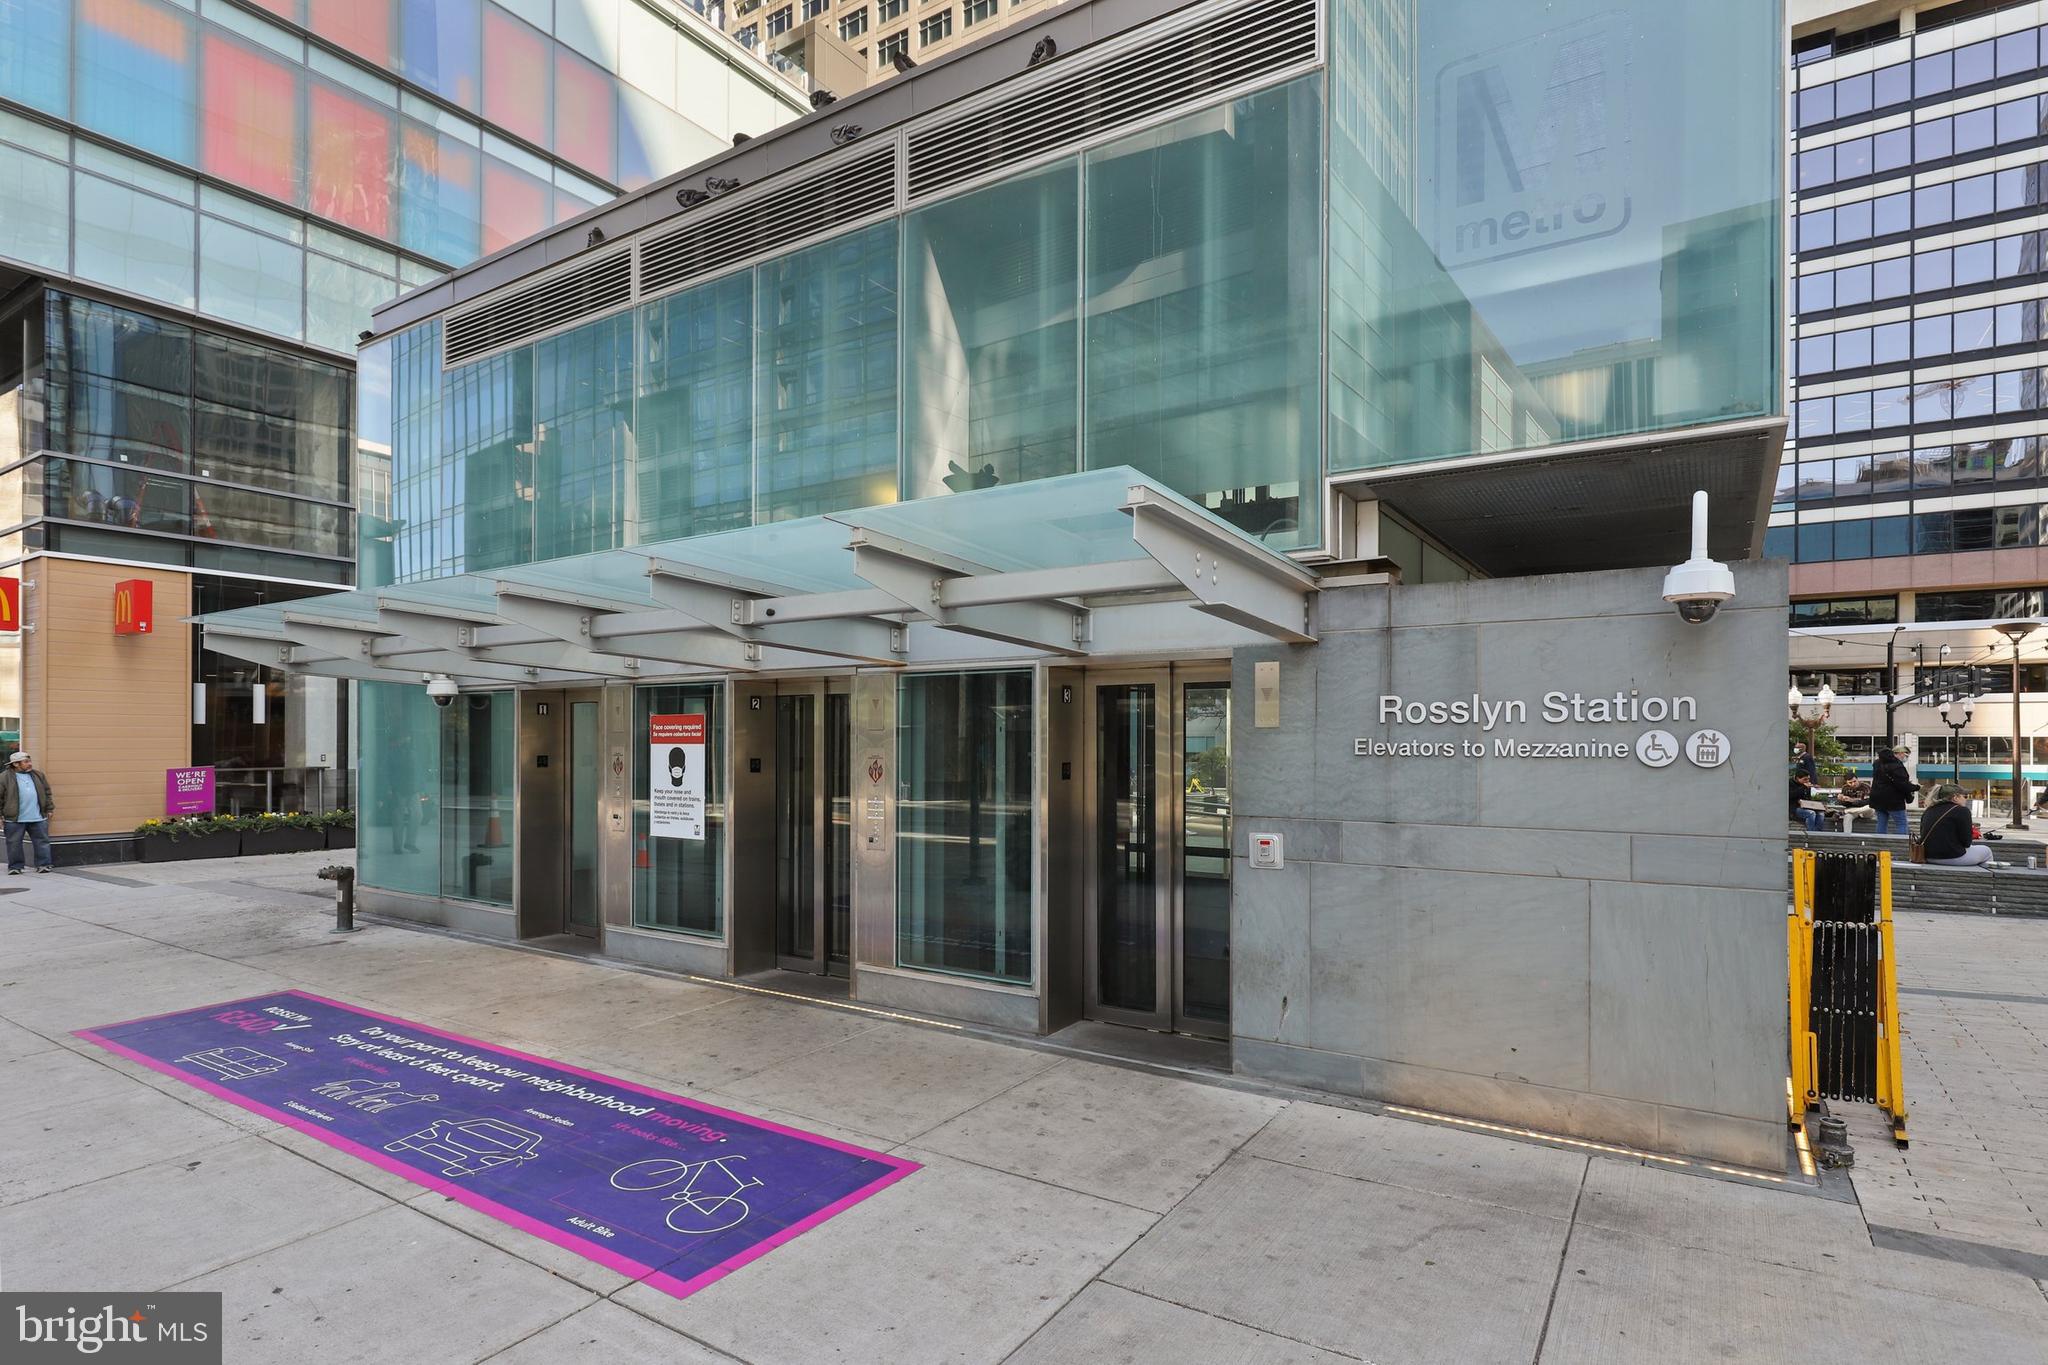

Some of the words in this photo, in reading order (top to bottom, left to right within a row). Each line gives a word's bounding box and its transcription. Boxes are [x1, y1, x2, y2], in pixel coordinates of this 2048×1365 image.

[1455, 193, 1606, 253] metro
[1378, 693, 1527, 732] Rosslyn
[1541, 690, 1698, 724] Station
[1354, 738, 1455, 758] Elevators
[1462, 739, 1486, 758] to
[1494, 738, 1629, 758] Mezzanine
[175, 771, 207, 779] WE'RE
[177, 778, 205, 786] OPEN
[262, 1006, 312, 1022] ROSSLYN
[360, 1026, 385, 1036] Do
[371, 1032, 417, 1046] your
[329, 1033, 366, 1047] Stay
[357, 1042, 384, 1053] at
[373, 1047, 416, 1063] least
[408, 1058, 431, 1067] 6
[420, 1062, 461, 1077] feet
[401, 1042, 449, 1057] part
[441, 1050, 464, 1060] to
[457, 1054, 500, 1072] keep
[494, 1067, 529, 1079] our
[523, 1076, 656, 1117] neighborhood
[645, 1111, 727, 1142] moving.
[565, 1216, 596, 1230] Adult
[591, 1225, 616, 1238] Bike
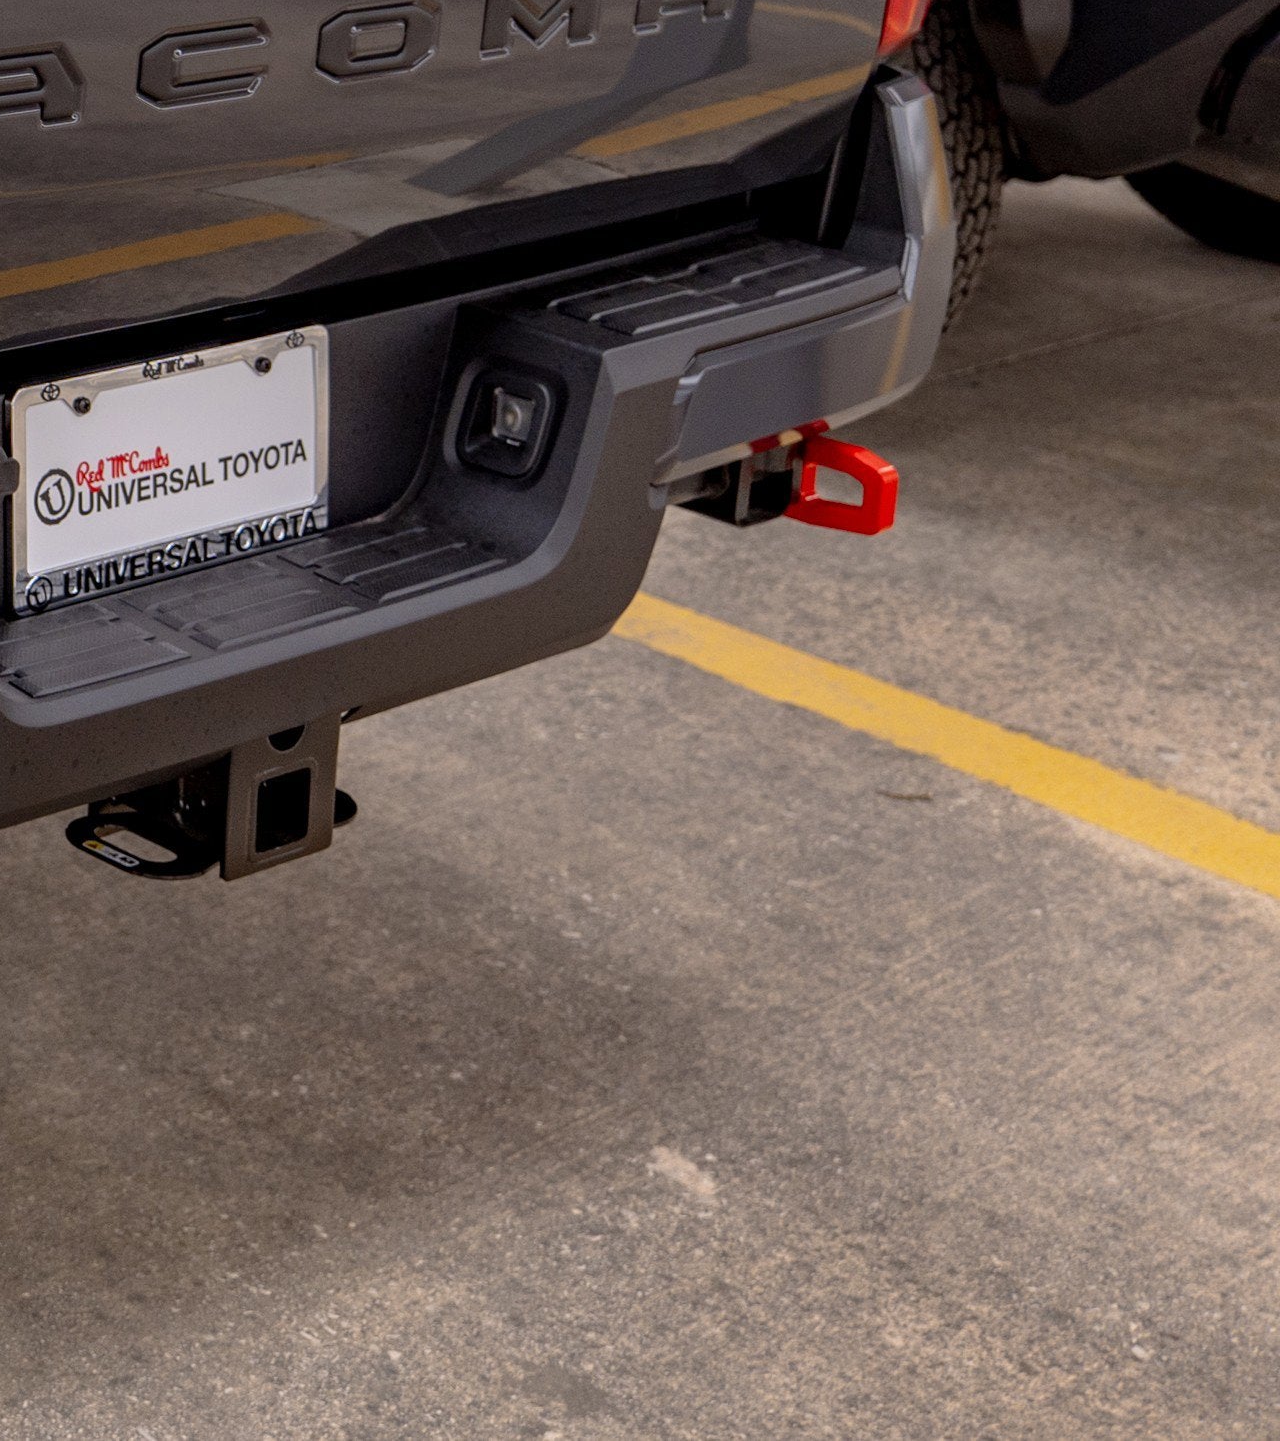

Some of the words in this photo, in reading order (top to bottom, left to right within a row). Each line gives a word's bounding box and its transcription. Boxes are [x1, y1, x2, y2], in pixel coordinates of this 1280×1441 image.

[76, 461, 104, 492] Red
[78, 469, 214, 516] UNIVERSAL
[219, 439, 307, 482] TOYOTA
[63, 537, 217, 597] UNIVERSAL
[223, 508, 320, 555] TOYOTA
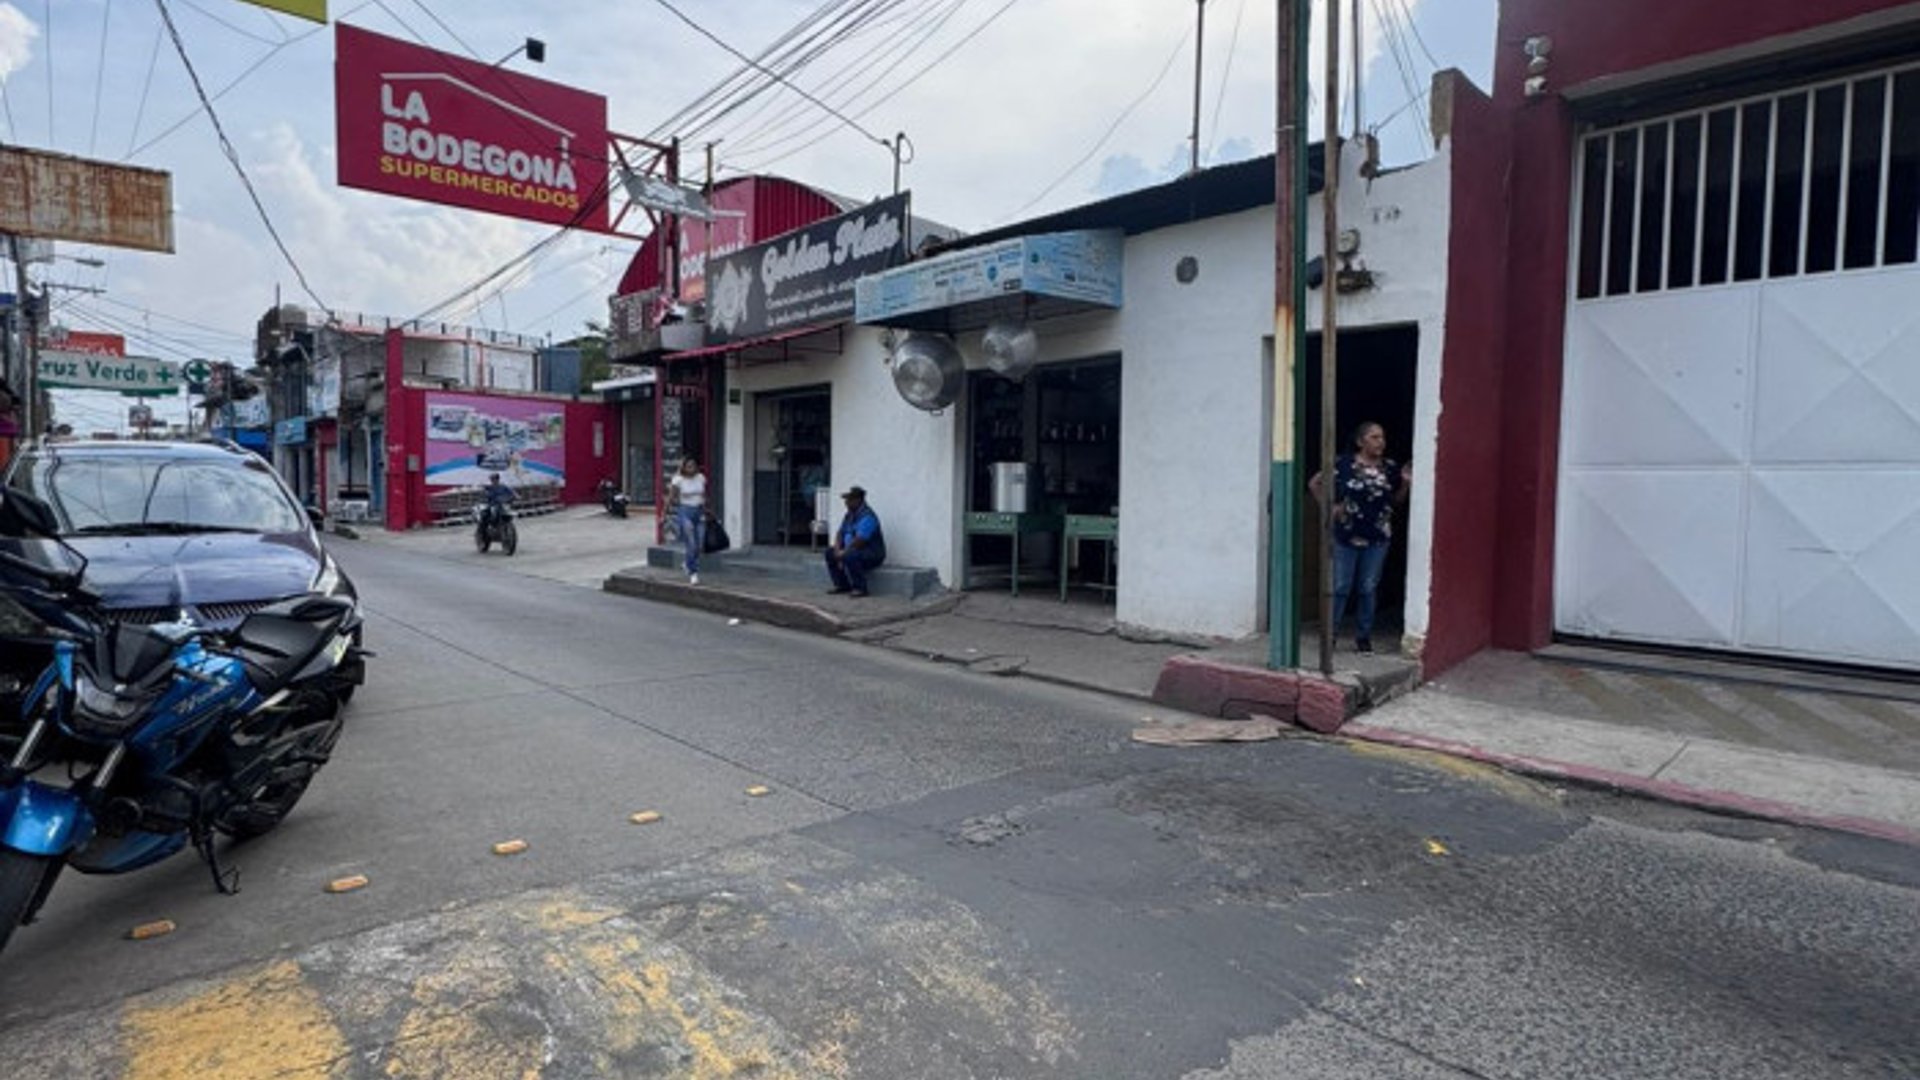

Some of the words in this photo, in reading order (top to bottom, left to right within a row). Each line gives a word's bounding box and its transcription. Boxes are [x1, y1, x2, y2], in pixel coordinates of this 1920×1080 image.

[382, 83, 430, 124] LA
[380, 155, 580, 210] SUPERMERCADOS
[761, 234, 832, 295] Golden
[38, 357, 78, 377] ruz
[85, 359, 149, 384] Verde
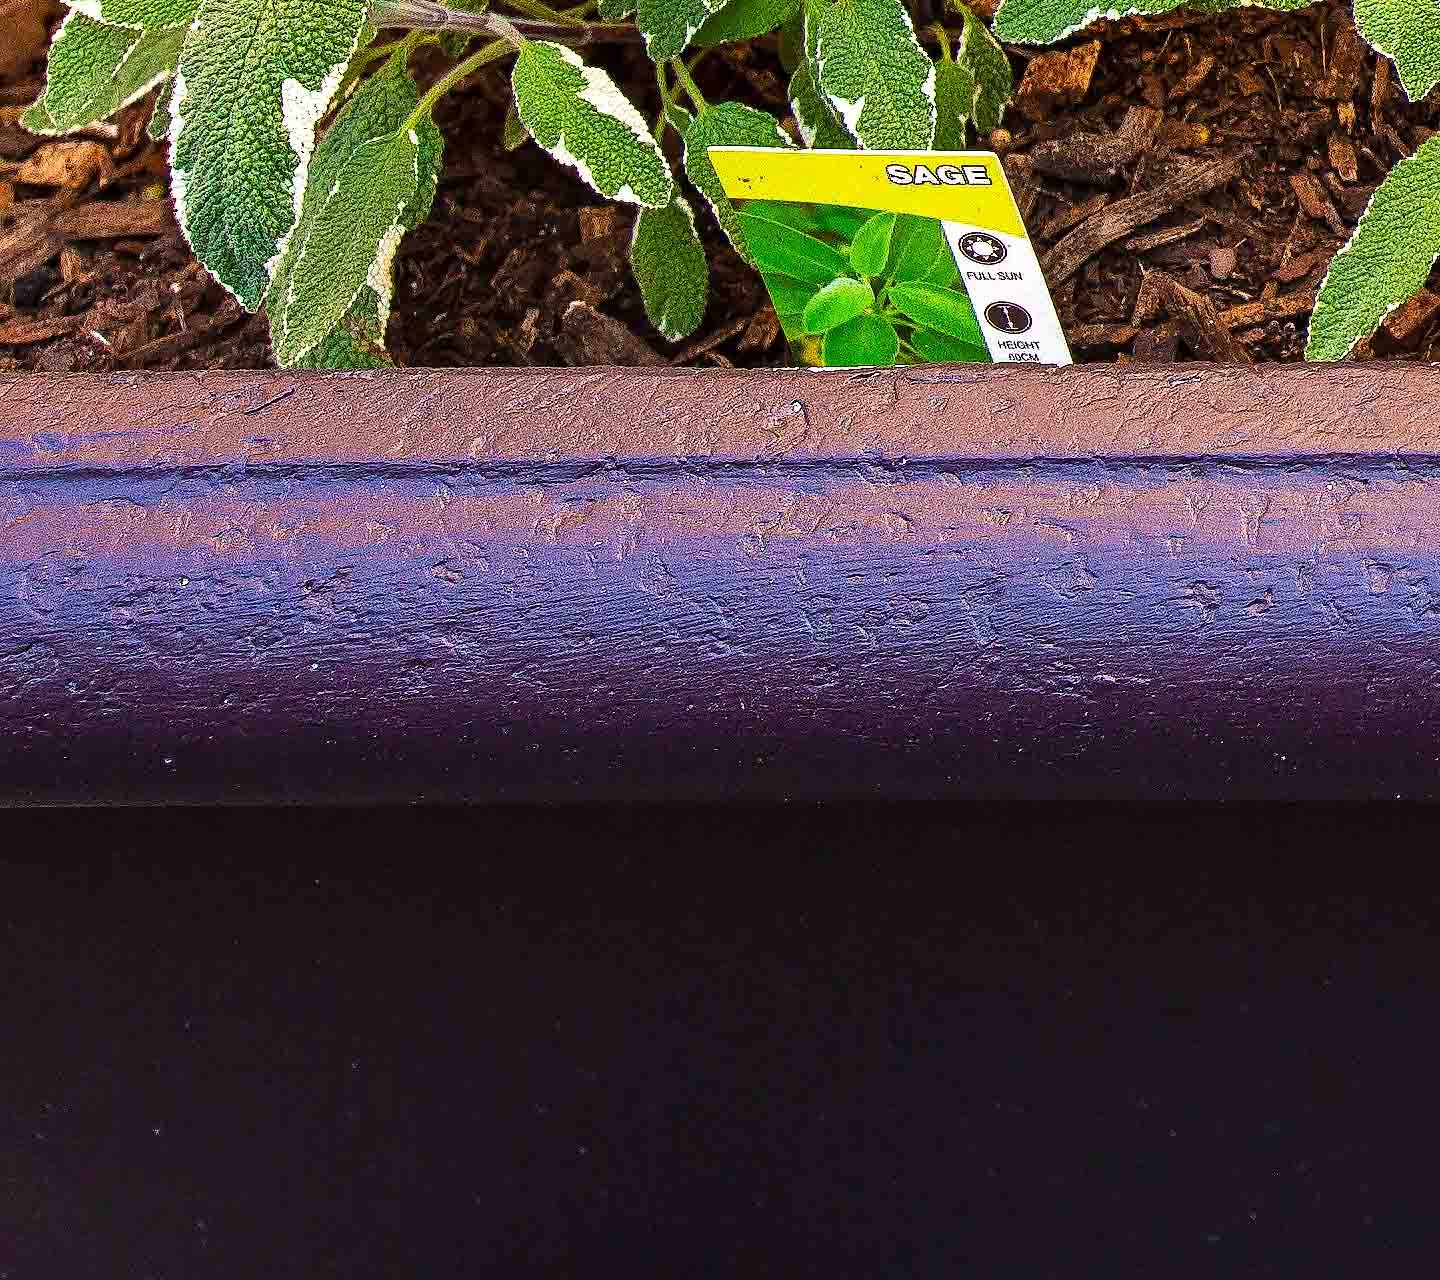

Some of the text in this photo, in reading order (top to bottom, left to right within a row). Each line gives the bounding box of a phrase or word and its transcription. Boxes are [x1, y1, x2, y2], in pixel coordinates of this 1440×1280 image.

[886, 164, 992, 185] SAGE
[966, 271, 1024, 280] FULL SUN
[998, 339, 1040, 350] HEIGHT

----------

▸ Task to carry out
Copy out, without any pictures, the lines of the records above from the one containing "this 1920×1080 image." through the final line, both ends included.

▸ Expected answer
Some of the words in this photo, in reading order (top to bottom, left to right within a row). Each line gives a word's bounding box and its transcription. Boxes are [x1, y1, x2, y2], in pixel coordinates of this 1920×1080 image.

[382, 83, 430, 124] LA
[380, 155, 580, 210] SUPERMERCADOS
[761, 234, 832, 295] Golden
[38, 357, 78, 377] ruz
[85, 359, 149, 384] Verde

Some of the text in this photo, in reading order (top to bottom, left to right within a row). Each line gives the bounding box of a phrase or word and its transcription. Boxes are [x1, y1, x2, y2], in pixel coordinates of this 1440×1280 image.

[886, 164, 992, 185] SAGE
[966, 271, 1024, 280] FULL SUN
[998, 339, 1040, 350] HEIGHT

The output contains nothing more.